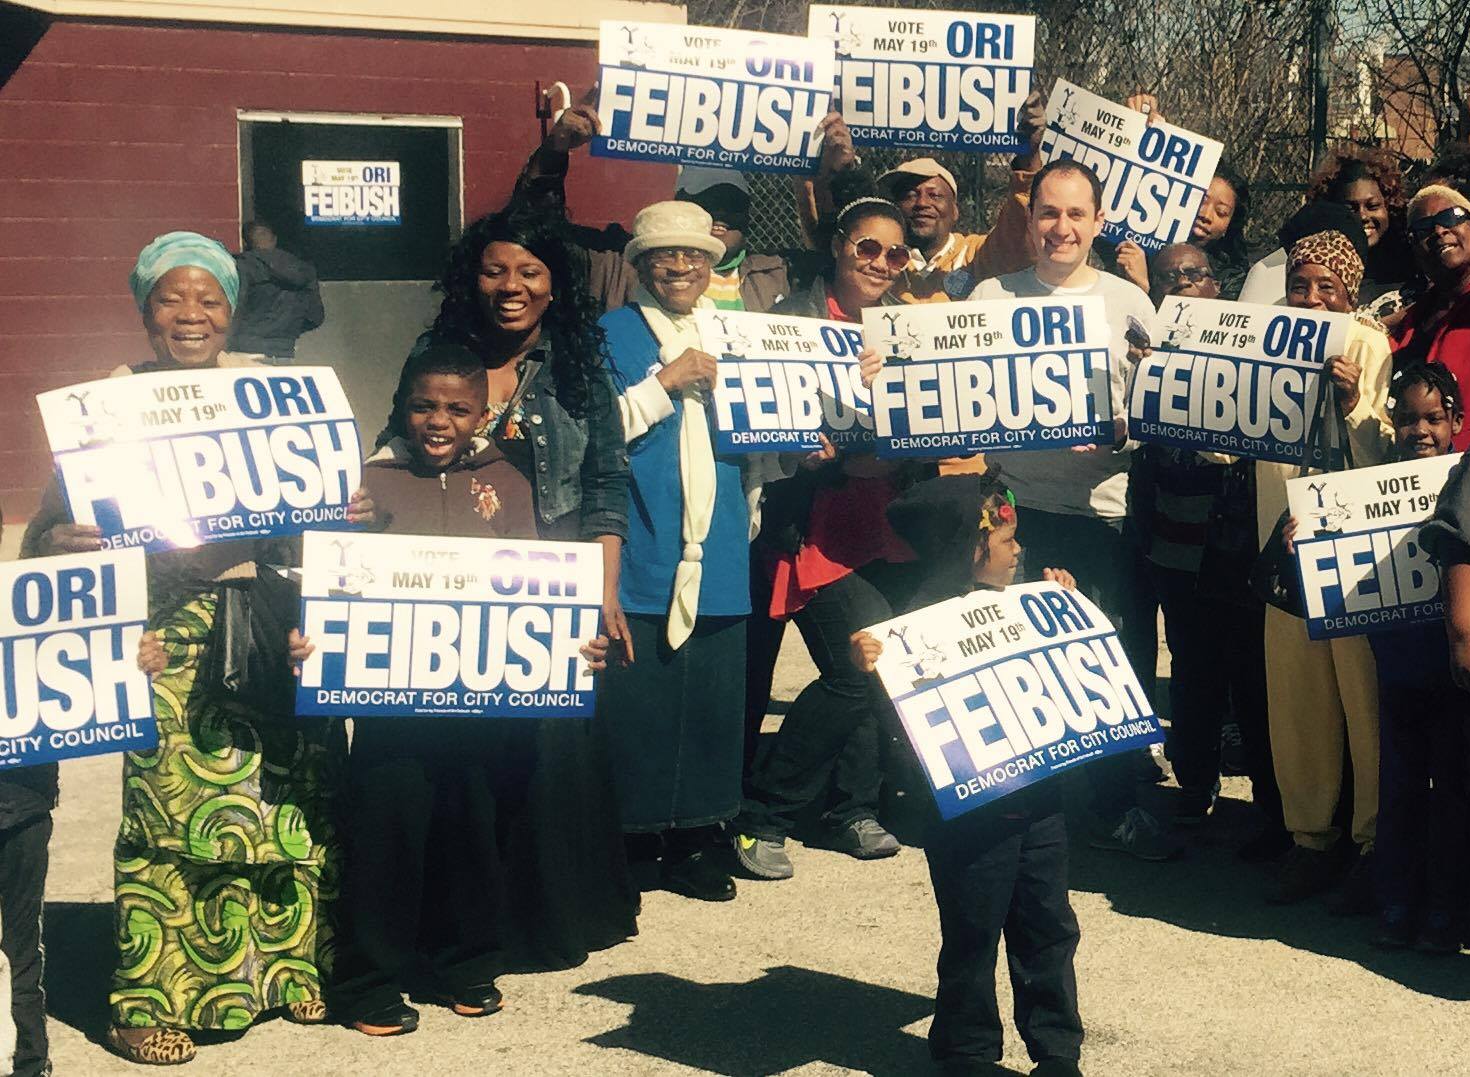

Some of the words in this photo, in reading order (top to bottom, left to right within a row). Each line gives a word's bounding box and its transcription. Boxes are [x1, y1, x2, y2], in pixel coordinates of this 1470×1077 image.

[888, 20, 925, 34] VOTE
[946, 21, 1015, 60] ORI
[684, 36, 723, 49] VOTE
[873, 37, 905, 51] MAY
[911, 39, 938, 53] 19th
[834, 60, 1030, 134] EIBUSH
[599, 67, 830, 158] FEIBUSH
[1095, 108, 1126, 131] VOTE
[851, 127, 894, 140] OCRAT
[899, 130, 925, 142] FOR
[930, 132, 959, 144] CITY
[1081, 120, 1107, 140] MAY
[1108, 132, 1132, 149] 19th
[606, 138, 683, 157] DEMOCRAT
[687, 147, 715, 161] FOR
[718, 151, 750, 164] CITY
[753, 153, 812, 169] COUNCIL
[1137, 126, 1204, 179] ORI
[362, 166, 391, 182] ORI
[304, 186, 400, 216] FEIBUSH
[767, 323, 801, 337] VOTE
[946, 312, 987, 329] VOTE
[1011, 305, 1087, 348] ORI
[1218, 312, 1251, 329] VOTE
[761, 338, 792, 353] MAY
[819, 325, 864, 358] OR
[934, 334, 968, 350] MAY
[973, 331, 1004, 347] 19th
[1199, 329, 1229, 345] MAY
[1231, 332, 1257, 349] 19th
[1262, 314, 1331, 363] ORI
[152, 383, 205, 403] VOTE
[233, 375, 327, 420] ORI
[872, 351, 1112, 438] FEIBUSH
[141, 407, 186, 427] MAY
[191, 402, 228, 422] 19th
[731, 431, 800, 445] DEMOCRAT
[803, 431, 823, 443] FO
[830, 431, 859, 443] CITY
[890, 434, 968, 450] DEMOCRAT
[971, 432, 1001, 445] FOR
[1004, 429, 1037, 443] CITY
[1041, 426, 1106, 440] COUNCIL
[1141, 421, 1208, 442] DEMOCRAT
[1212, 433, 1238, 447] FOR
[1241, 438, 1270, 452] CITY
[1376, 474, 1421, 496] VOTE
[207, 515, 244, 532] FOR
[248, 511, 286, 528] CITY
[291, 505, 349, 524] COUNCI
[1364, 500, 1402, 520] MAY
[1407, 493, 1439, 513] 19th
[391, 571, 434, 589] MAY
[441, 572, 478, 590] 19th
[490, 549, 578, 597] ORI
[12, 563, 117, 627] ORI
[960, 603, 1005, 629] VOTE
[1019, 589, 1096, 639] ORI
[1324, 608, 1408, 630] DEMOCRAT
[1413, 601, 1446, 616] FOR
[301, 600, 600, 692] FEIBUSH
[957, 633, 997, 658] MAY
[999, 621, 1027, 645] 19th
[316, 689, 417, 706] DEMOCRAT
[422, 691, 458, 706] FOR
[463, 691, 503, 707] CITY
[508, 692, 584, 708] COUNCIL
[897, 635, 1154, 790] FEIBUSH
[49, 723, 145, 749] COUNCIL
[954, 751, 1047, 800] DEMOCRAT
[1048, 738, 1081, 761] FOR
[1082, 730, 1109, 750] CITY
[1109, 719, 1157, 740] COUNCIL
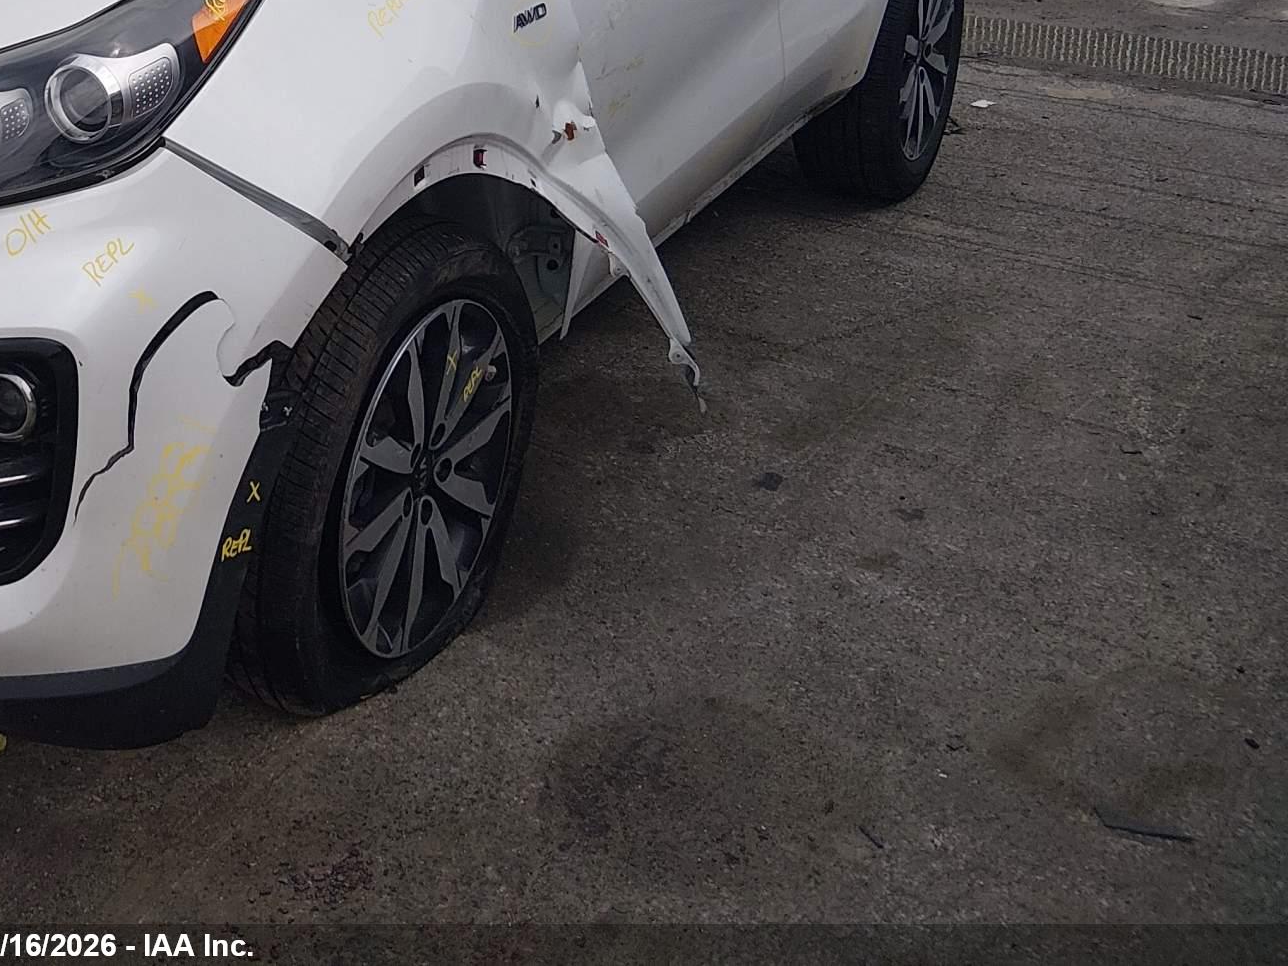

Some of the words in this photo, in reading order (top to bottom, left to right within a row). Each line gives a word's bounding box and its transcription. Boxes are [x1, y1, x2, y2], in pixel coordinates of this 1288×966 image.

[513, 2, 548, 34] AWD
[81, 237, 136, 287] REPL
[221, 528, 252, 563] REPL
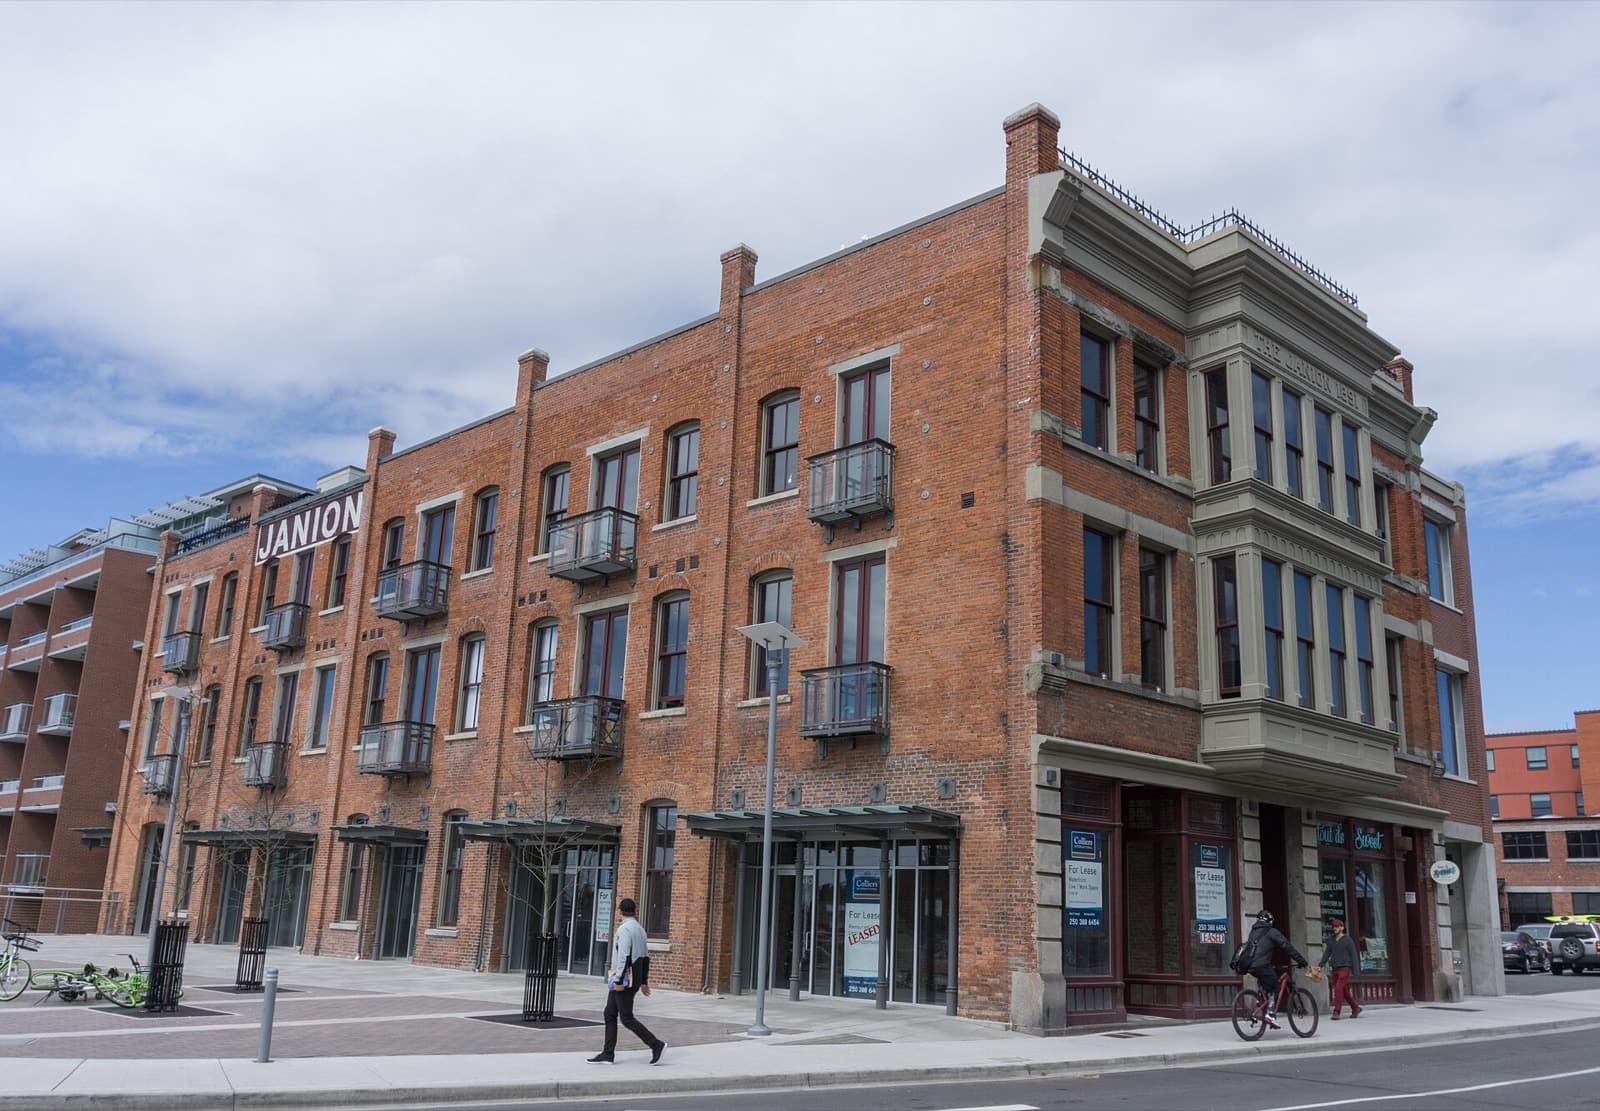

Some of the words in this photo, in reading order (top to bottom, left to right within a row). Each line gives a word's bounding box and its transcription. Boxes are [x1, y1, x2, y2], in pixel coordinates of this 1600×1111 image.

[1254, 334, 1280, 363] THE
[258, 491, 364, 560] JANION
[1068, 864, 1079, 874] For
[1080, 866, 1097, 876] Lease
[1197, 871, 1206, 880] For
[1207, 872, 1224, 882] Lease
[856, 879, 878, 889] Colliers
[600, 892, 609, 900] For
[849, 910, 861, 919] For
[848, 924, 880, 945] LEASED
[1200, 932, 1225, 944] LEASED
[1361, 987, 1393, 998] TREATS
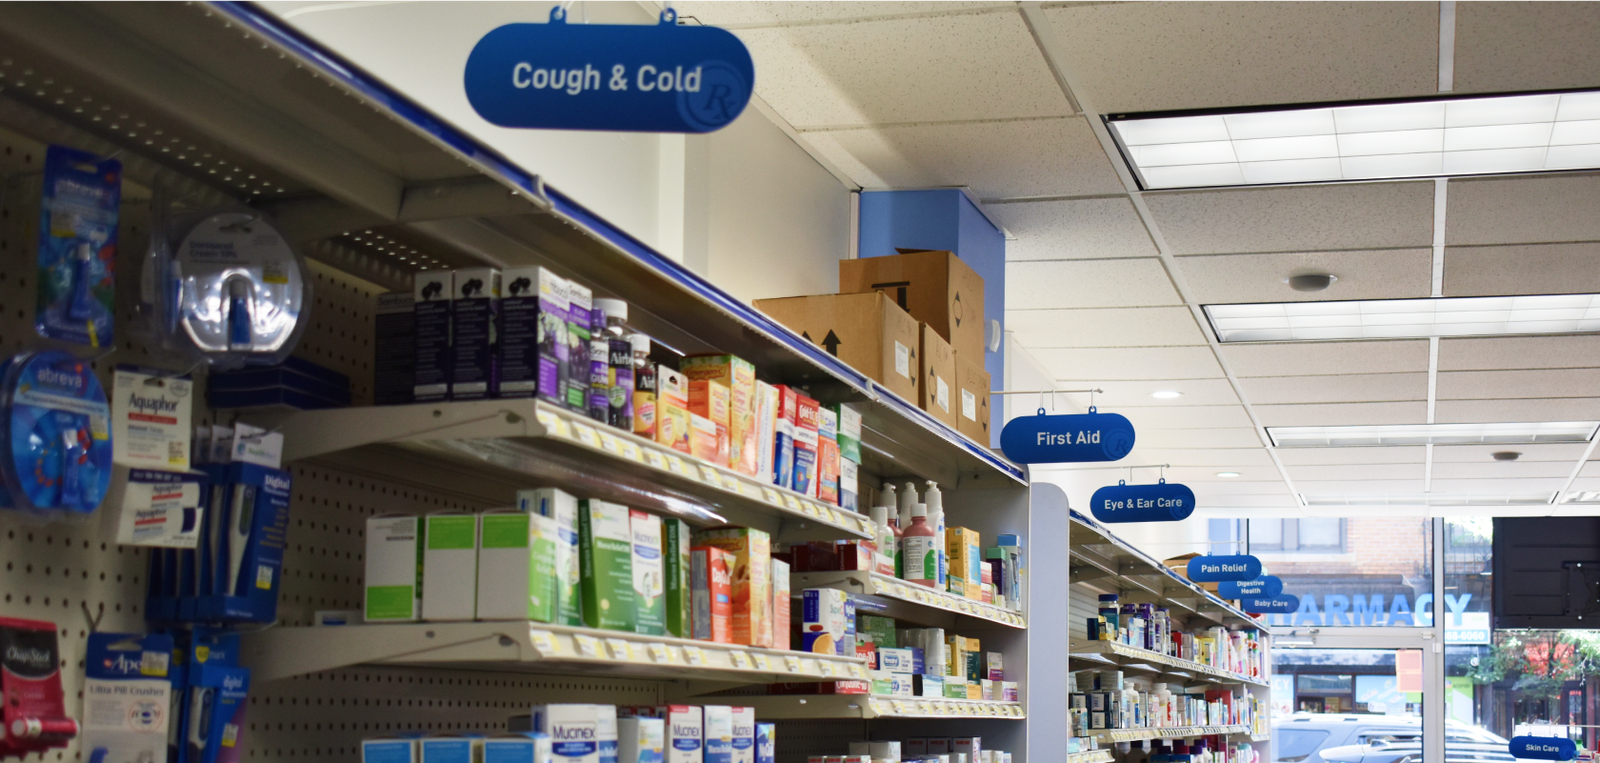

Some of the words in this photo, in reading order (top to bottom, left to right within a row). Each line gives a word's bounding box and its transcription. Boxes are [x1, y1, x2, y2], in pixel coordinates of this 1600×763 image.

---

Everything above except the pictures needs to be reproduced exactly.

Some of the words in this photo, in reading order (top to bottom, left to right within a row). Each line gives a word's bounding box and its transcription. Boxes are [x1, y1, x2, y2], in pixel coordinates of this 1470×1077 image.

[888, 20, 925, 34] VOTE
[946, 21, 1015, 60] ORI
[684, 36, 723, 49] VOTE
[873, 37, 905, 51] MAY
[911, 39, 938, 53] 19th
[834, 60, 1030, 134] EIBUSH
[599, 67, 830, 158] FEIBUSH
[1095, 108, 1126, 131] VOTE
[851, 127, 894, 140] OCRAT
[899, 130, 925, 142] FOR
[930, 132, 959, 144] CITY
[1081, 120, 1107, 140] MAY
[1108, 132, 1132, 149] 19th
[606, 138, 683, 157] DEMOCRAT
[687, 147, 715, 161] FOR
[718, 151, 750, 164] CITY
[753, 153, 812, 169] COUNCIL
[1137, 126, 1204, 179] ORI
[362, 166, 391, 182] ORI
[304, 186, 400, 216] FEIBUSH
[767, 323, 801, 337] VOTE
[946, 312, 987, 329] VOTE
[1011, 305, 1087, 348] ORI
[1218, 312, 1251, 329] VOTE
[761, 338, 792, 353] MAY
[819, 325, 864, 358] OR
[934, 334, 968, 350] MAY
[973, 331, 1004, 347] 19th
[1199, 329, 1229, 345] MAY
[1231, 332, 1257, 349] 19th
[1262, 314, 1331, 363] ORI
[152, 383, 205, 403] VOTE
[233, 375, 327, 420] ORI
[872, 351, 1112, 438] FEIBUSH
[141, 407, 186, 427] MAY
[191, 402, 228, 422] 19th
[731, 431, 800, 445] DEMOCRAT
[803, 431, 823, 443] FO
[830, 431, 859, 443] CITY
[890, 434, 968, 450] DEMOCRAT
[971, 432, 1001, 445] FOR
[1004, 429, 1037, 443] CITY
[1041, 426, 1106, 440] COUNCIL
[1141, 421, 1208, 442] DEMOCRAT
[1212, 433, 1238, 447] FOR
[1241, 438, 1270, 452] CITY
[1376, 474, 1421, 496] VOTE
[207, 515, 244, 532] FOR
[248, 511, 286, 528] CITY
[291, 505, 349, 524] COUNCI
[1364, 500, 1402, 520] MAY
[1407, 493, 1439, 513] 19th
[391, 571, 434, 589] MAY
[441, 572, 478, 590] 19th
[490, 549, 578, 597] ORI
[12, 563, 117, 627] ORI
[960, 603, 1005, 629] VOTE
[1019, 589, 1096, 639] ORI
[1324, 608, 1408, 630] DEMOCRAT
[1413, 601, 1446, 616] FOR
[301, 600, 600, 692] FEIBUSH
[957, 633, 997, 658] MAY
[999, 621, 1027, 645] 19th
[316, 689, 417, 706] DEMOCRAT
[422, 691, 458, 706] FOR
[463, 691, 503, 707] CITY
[508, 692, 584, 708] COUNCIL
[897, 635, 1154, 790] FEIBUSH
[49, 723, 145, 749] COUNCIL
[954, 751, 1047, 800] DEMOCRAT
[1048, 738, 1081, 761] FOR
[1082, 730, 1109, 750] CITY
[1109, 719, 1157, 740] COUNCIL

Some of the words in this photo, in reading order (top to bottom, left to right within a row). Each line gives a word's bounding box and its transcription. Boxes are [x1, y1, x2, y2], in pixel coordinates of this 1288×966 image.

[513, 2, 548, 34] AWD
[81, 237, 136, 287] REPL
[221, 528, 252, 563] REPL

Some of the words in this photo, in reading order (top to bottom, left to right within a row). Each line gives a word's bounding box and its transcription. Boxes are [x1, y1, x2, y2], in pixel coordinates of this 1600×1111 image.

[1254, 334, 1280, 363] THE
[258, 491, 364, 560] JANION
[1068, 864, 1079, 874] For
[1080, 866, 1097, 876] Lease
[1197, 871, 1206, 880] For
[1207, 872, 1224, 882] Lease
[856, 879, 878, 889] Colliers
[600, 892, 609, 900] For
[849, 910, 861, 919] For
[848, 924, 880, 945] LEASED
[1200, 932, 1225, 944] LEASED
[1361, 987, 1393, 998] TREATS

Some of the words in this photo, in reading order (top to bottom, left to right within a row). Each line gives a word's bounding box and its transcription. Boxes are [x1, y1, x2, y2], in pixel coordinates of this 1600×763 image.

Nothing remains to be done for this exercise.